From: stewarts@ix.netcom.com
Date: Tue, 5 Aug 1997 02:39:37 +0800
To: Charles <apache@bear.apana.org.au>
Subject: Re: bulk postage fine (was Re: non-censorous spam control)
In-Reply-To: <Pine.LNX.3.93.970803062838.108B-100000@shirley>
Message-ID: <>
MIME-Version: 1.0
Content-Type: text/plain

At 03:52 PM 8/3/97 +1000, Charles wrote:
>   ? the Platypus {aka David Formosa} said:
>>The best solution given so far is Cause's suggestion of modifying 
					[Cauce , by the way....]
>>the fax law so that we can sue the spammers.
>Thus giving gubmints the toe in the door they are so desperately looking 
>for to regulate/license/control the online world.
>The first thing you would see after passing such a law (if indeed the 
>original legislation itself didn't contain the provision) would be a 
>requirement for identification of all accounts and account holders. 
>Anonymous email and anonymous remailers would be the first victims.

Hear, hear!  The fax law says precisely that you can't send a fax
without correct identification of the sender, and an email equivalent
law would do the same.  (Anonymous remailers wouldn't necessarily be
banned, as long as they identified themselves correctly; if anything
this would probably encourage deployment of remailers, mainly by spammers,
which is a mixed blessing.)  Also, there are several Supreme Court cases,
such as McIntyre vs.
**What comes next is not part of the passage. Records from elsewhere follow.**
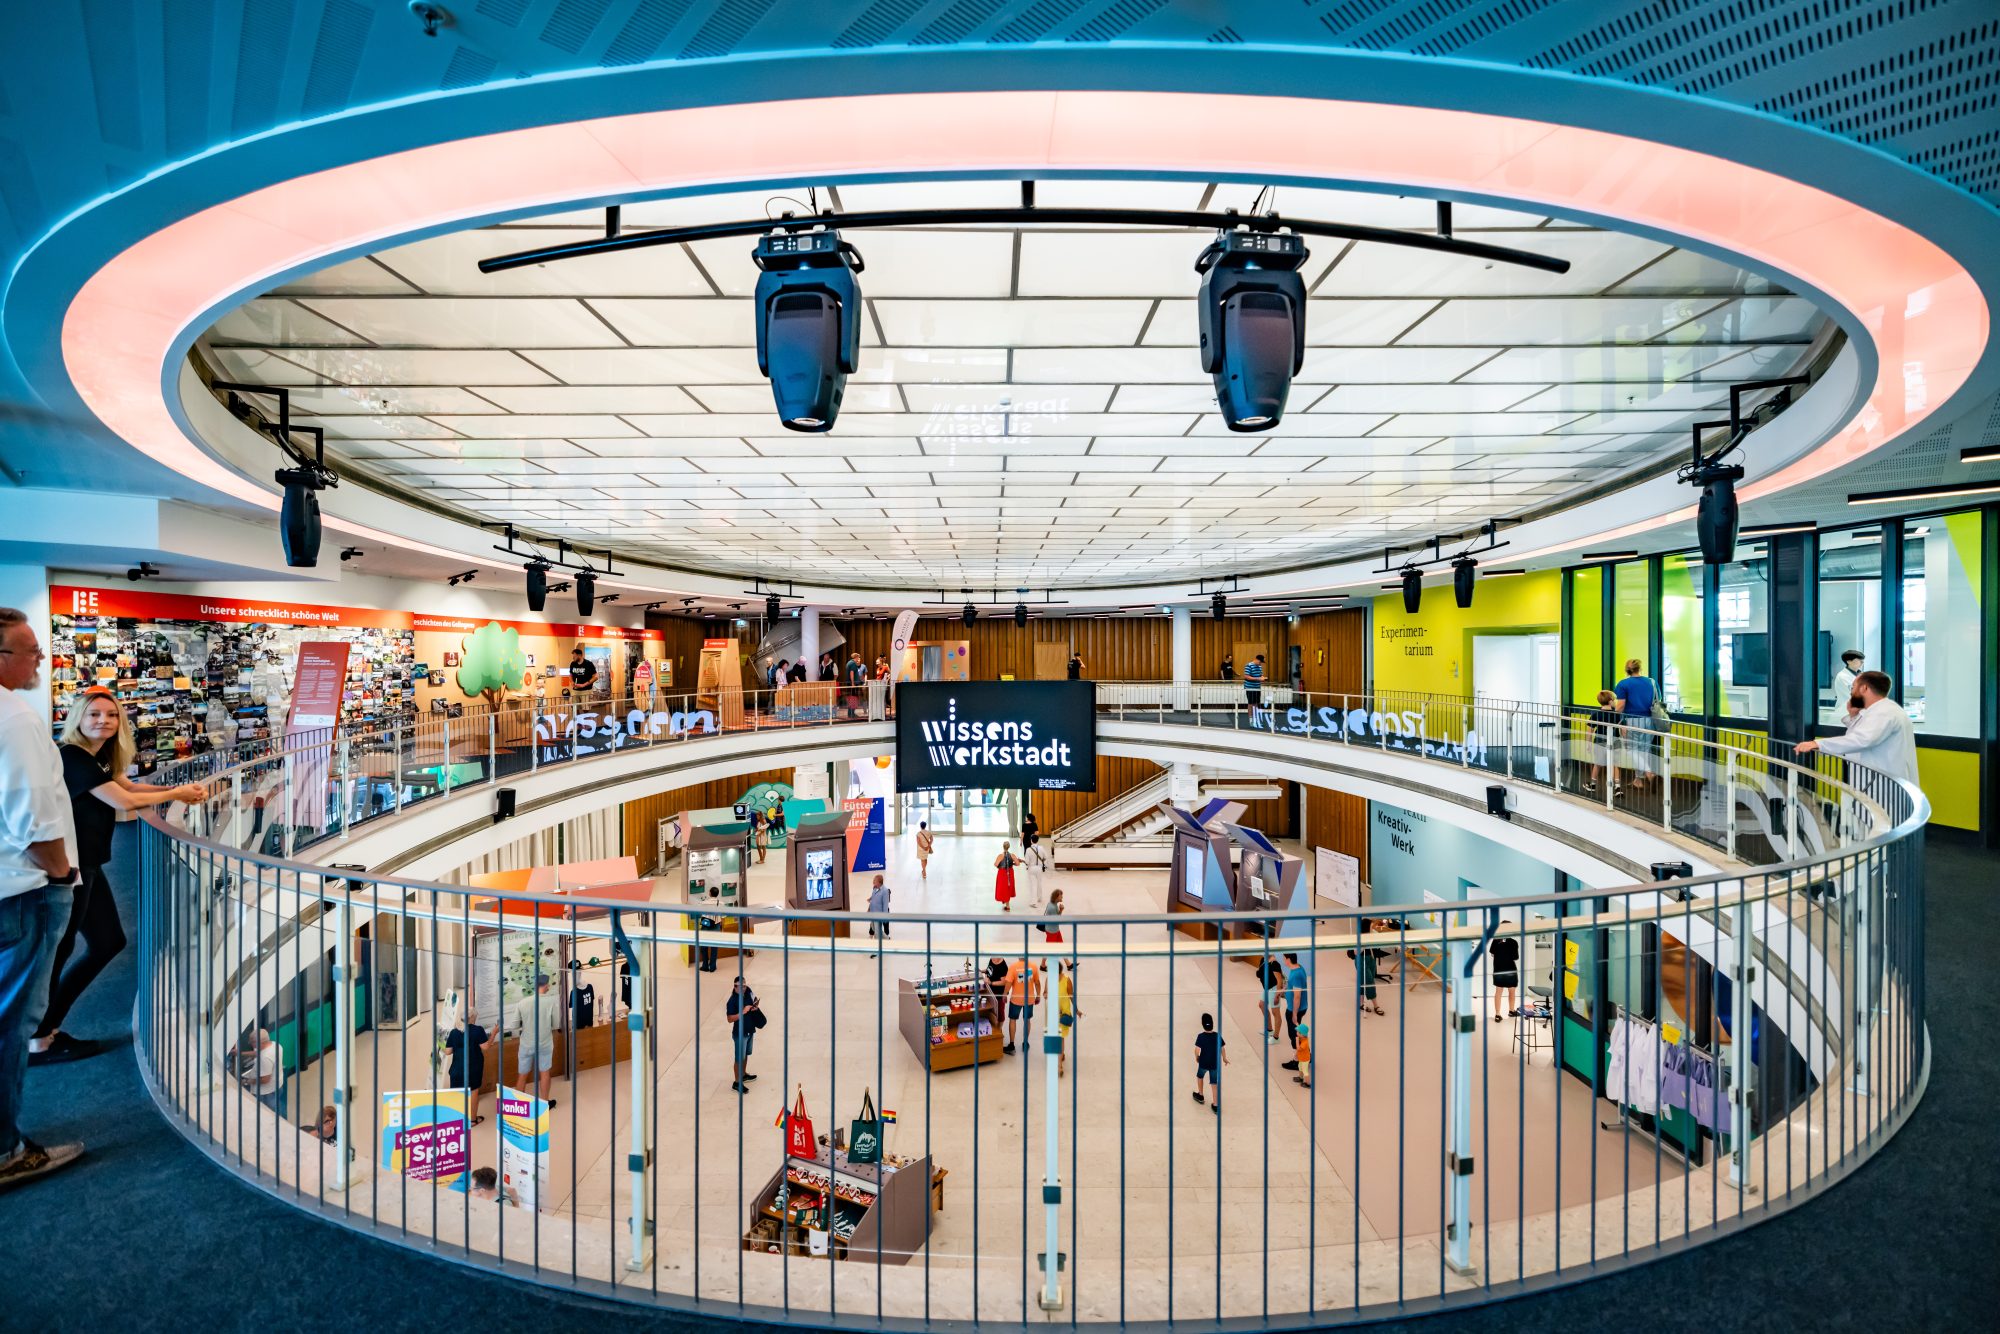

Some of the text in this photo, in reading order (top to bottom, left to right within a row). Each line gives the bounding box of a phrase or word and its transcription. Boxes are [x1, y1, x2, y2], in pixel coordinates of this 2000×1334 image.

[200, 605, 340, 621] Unsere schrecklich schöne Welt
[1381, 624, 1428, 642] Experimen-
[1404, 642, 1434, 656] tarium
[921, 698, 1033, 742] Wissens
[928, 738, 1071, 767] Werkstadt
[851, 810, 866, 818] ein
[1378, 810, 1412, 834] Kreativ-
[1391, 833, 1414, 856] Werk
[399, 1126, 461, 1146] Gewnn-
[412, 1134, 465, 1164] Spiel
Ohio, that strongly uphold the right to anonymous
publication; the fax law probably violates this, though I doubt it's been
taken to court.  The issue of the cost to the receipient of junk faxes
was the justification for the junk fax laws; I've heard that
Spamford himself was the junk faxer who they were a response to,
though I haven't seen any verification of that, and of course
widespread caller-id could have taken care of the problem without
requiring a Federal law.

One obvious implementation of identification would of course be a
Key Management Infrastructure...  They might not do it, not only because
it would require everyone to change their email programs, but more
seriously because it would require everyone to use encryption-capable
mailers (or at least signature-capable), and even with 40-bit escrowed
mail, it makes eavesdropping much more work.

#			Thanks;  Bill
# Bill Stewart, +1-415-442-2215 stewarts@ix.netcom.com
# You can get PGP outside the US at ftp.ox.ac.uk/pub/crypto/pgp
#   (If this is a mailing list or news, please Cc: me on replies.  Thanks.)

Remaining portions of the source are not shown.